How to Create RFM Segments for Shopify
When you’re in the business of selling a product or service, any customer is a good customer, right?
Not exactly.
The reality is that while all your customers absolutely deserve tender loving care, they’re not all equally valuable.
Thankfully, RFM analysis enables you to use a simple rubric to discover who your best customers really are and to make them even more of an asset. In this post, we’ll explain what RFM analysis is, show you how to create RFM cells, and explain how that translates into RFM customer segmentation.

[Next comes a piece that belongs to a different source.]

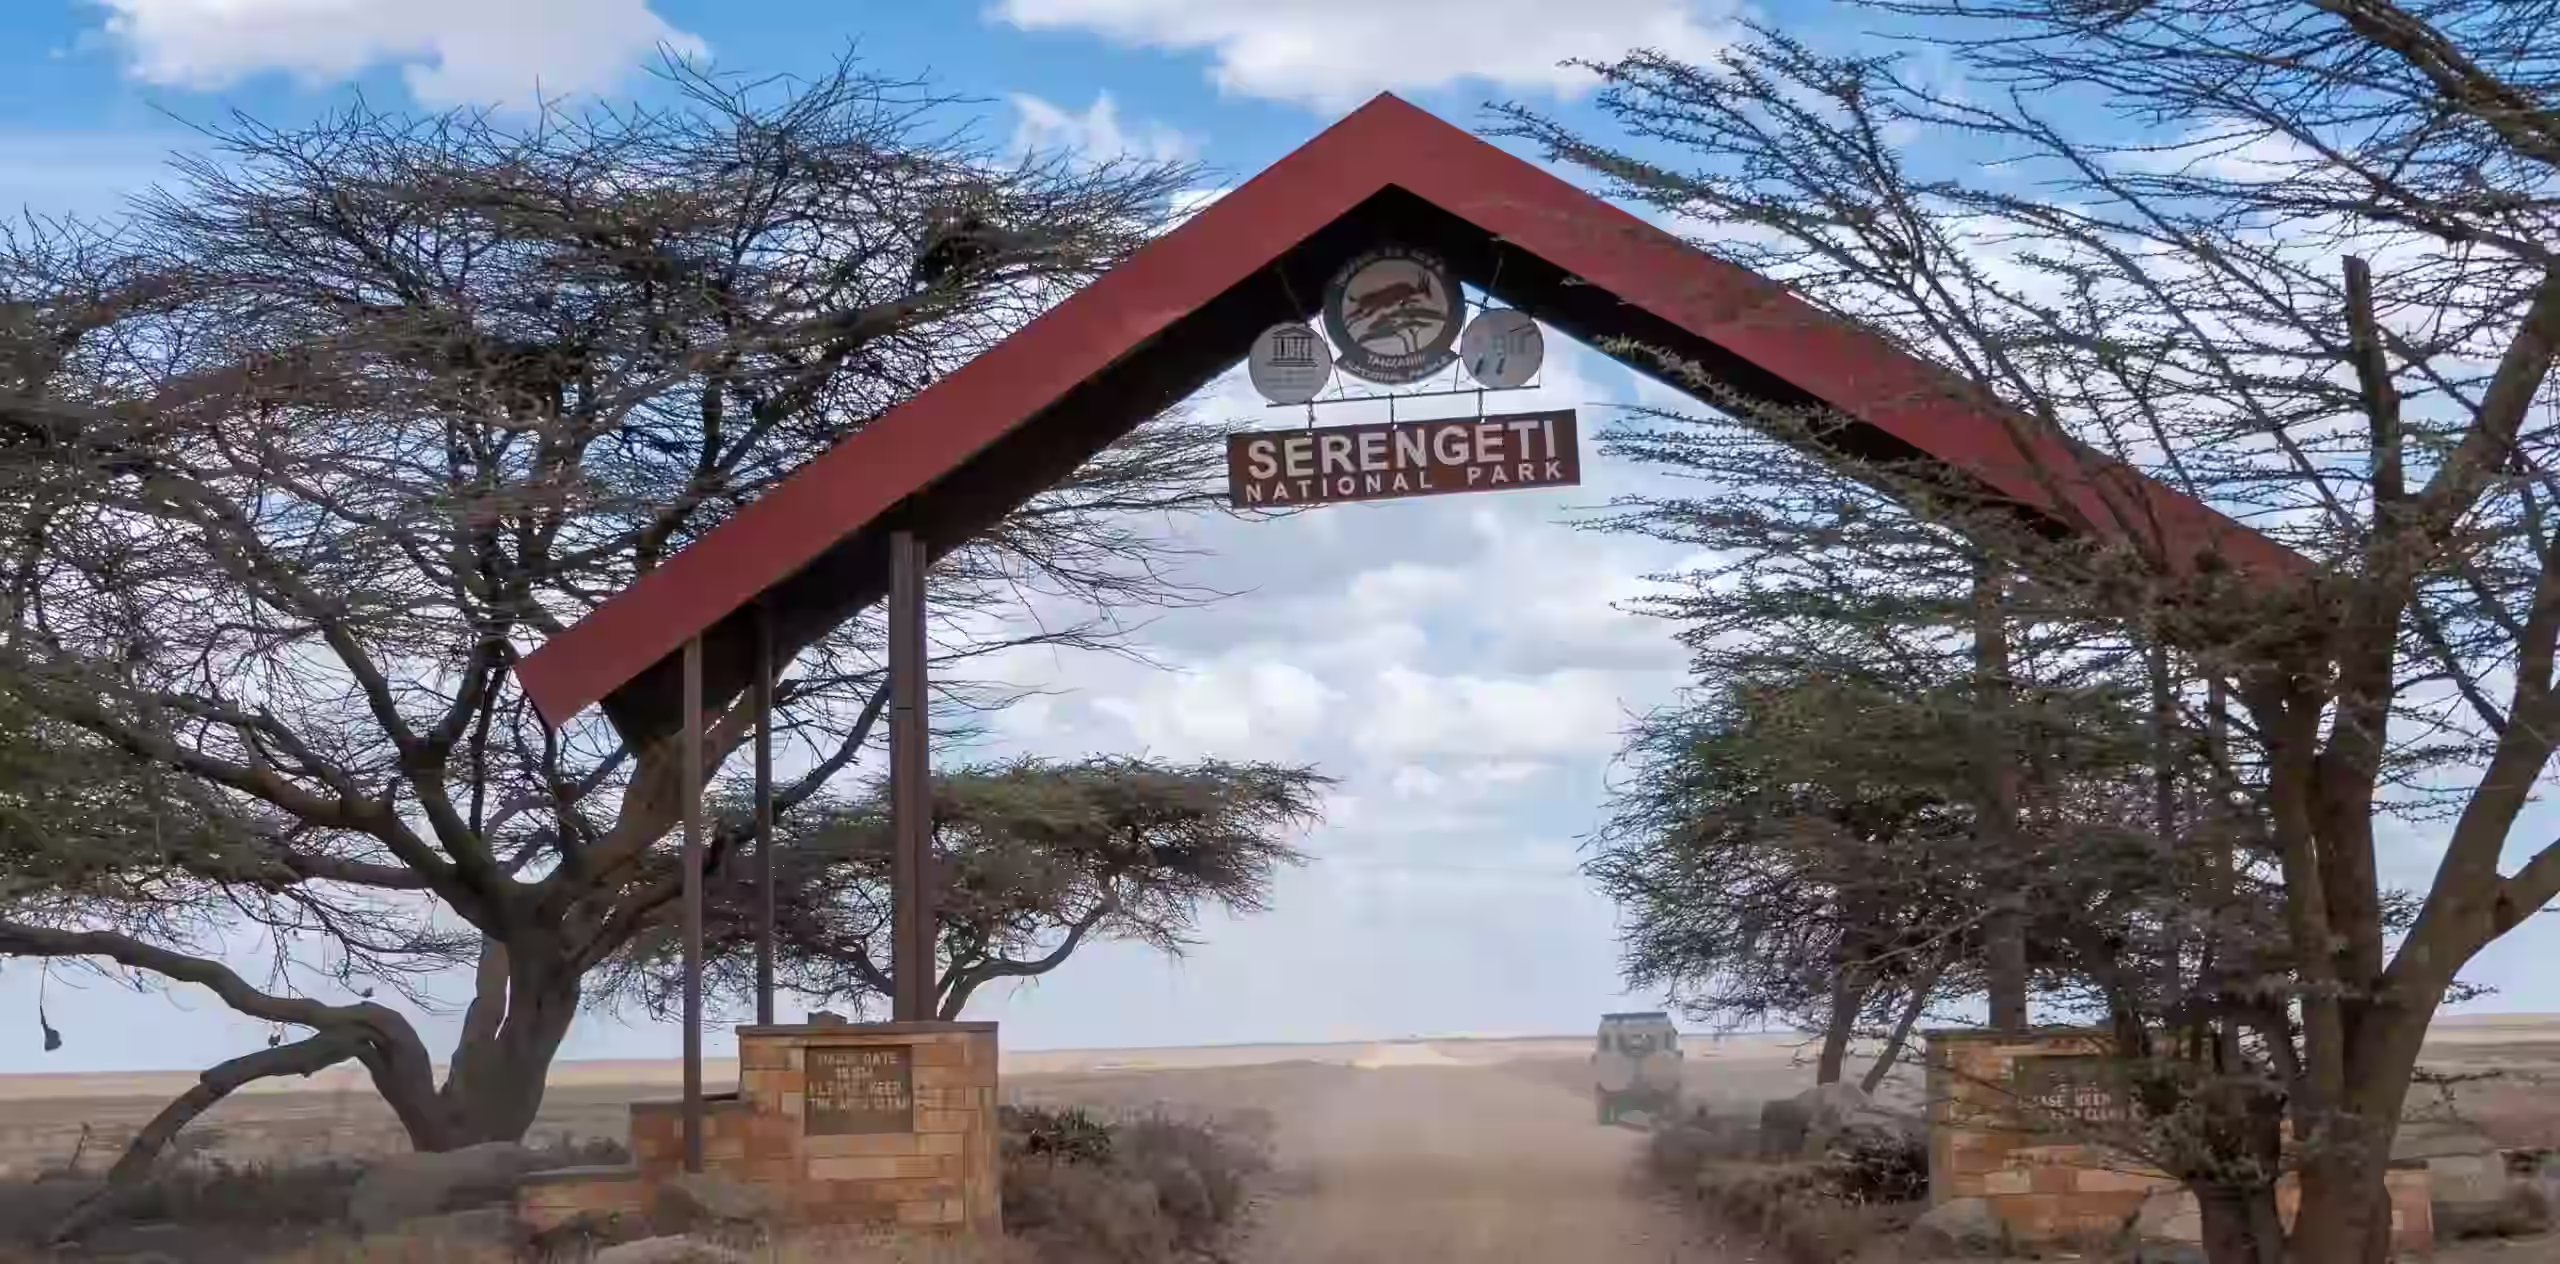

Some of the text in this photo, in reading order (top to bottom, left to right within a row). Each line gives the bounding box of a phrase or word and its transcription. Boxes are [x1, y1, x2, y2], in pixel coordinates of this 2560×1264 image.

[1247, 420, 1556, 479] SERENGETI
[1245, 459, 1564, 503] NATIONAL PARK
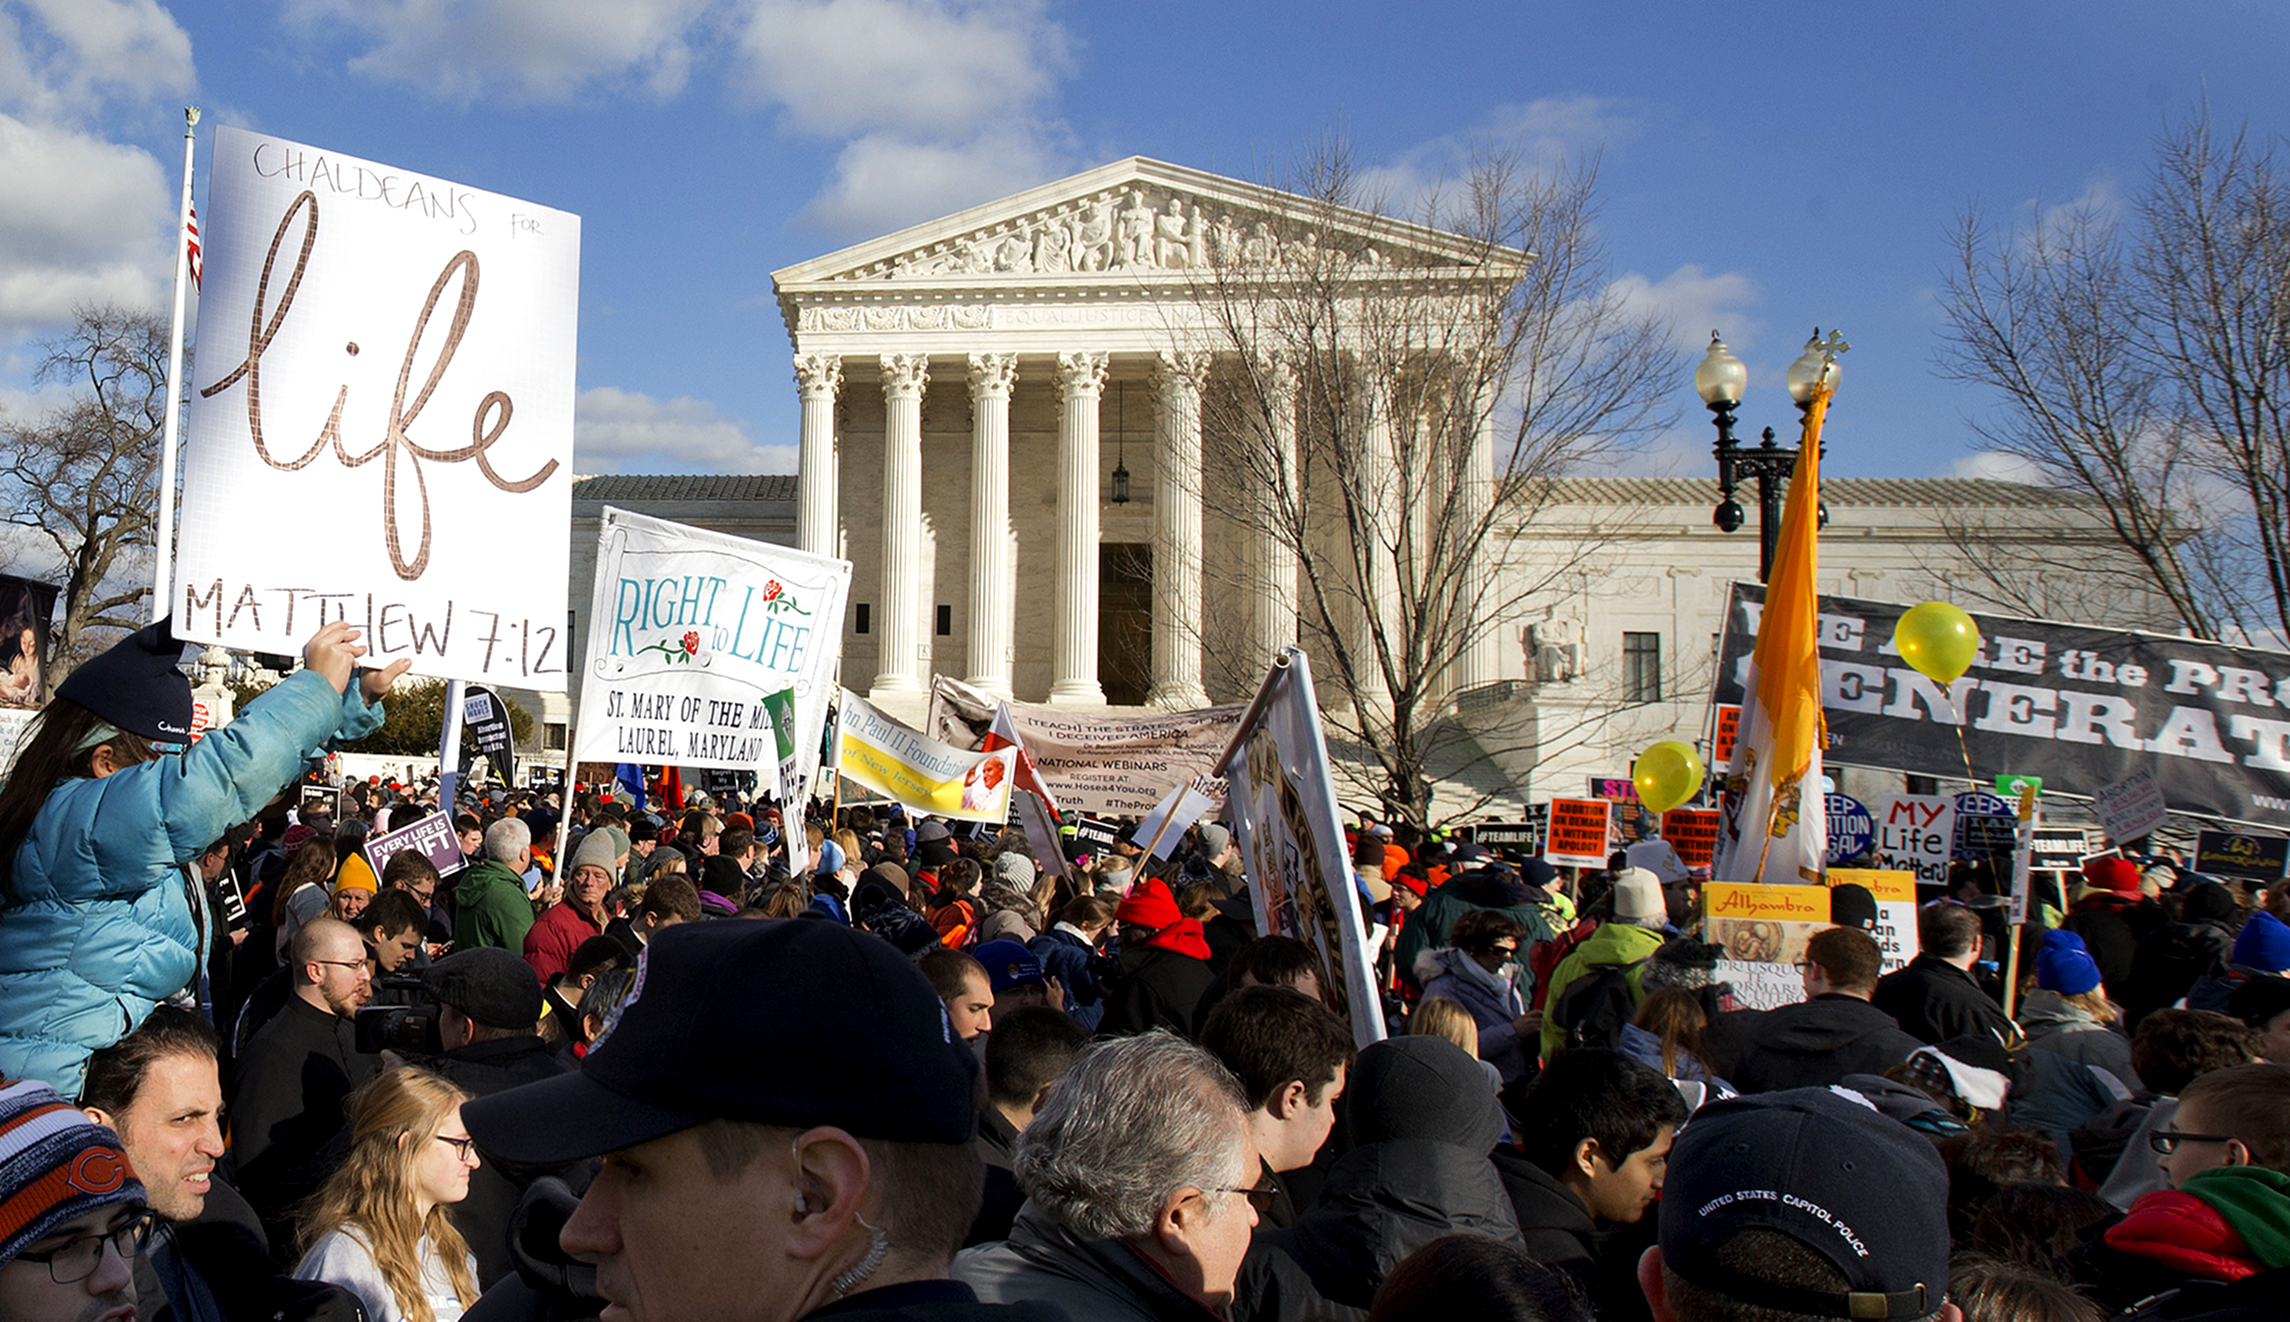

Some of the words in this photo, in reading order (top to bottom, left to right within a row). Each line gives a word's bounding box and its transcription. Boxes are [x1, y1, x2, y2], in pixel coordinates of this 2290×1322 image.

This tutorial features SQL queries written in Redshift SQL syntax. If you’re on a Google BigQuery data warehouse, work with one of our data architects to adjust these queries to work in standard SQL syntax.
What is RFM analysis?
An RFM report is a way of segmenting customers using three key metrics: recency (how long ago their last purchase was), frequency (how often they purchase), and monetary value (how much they spent).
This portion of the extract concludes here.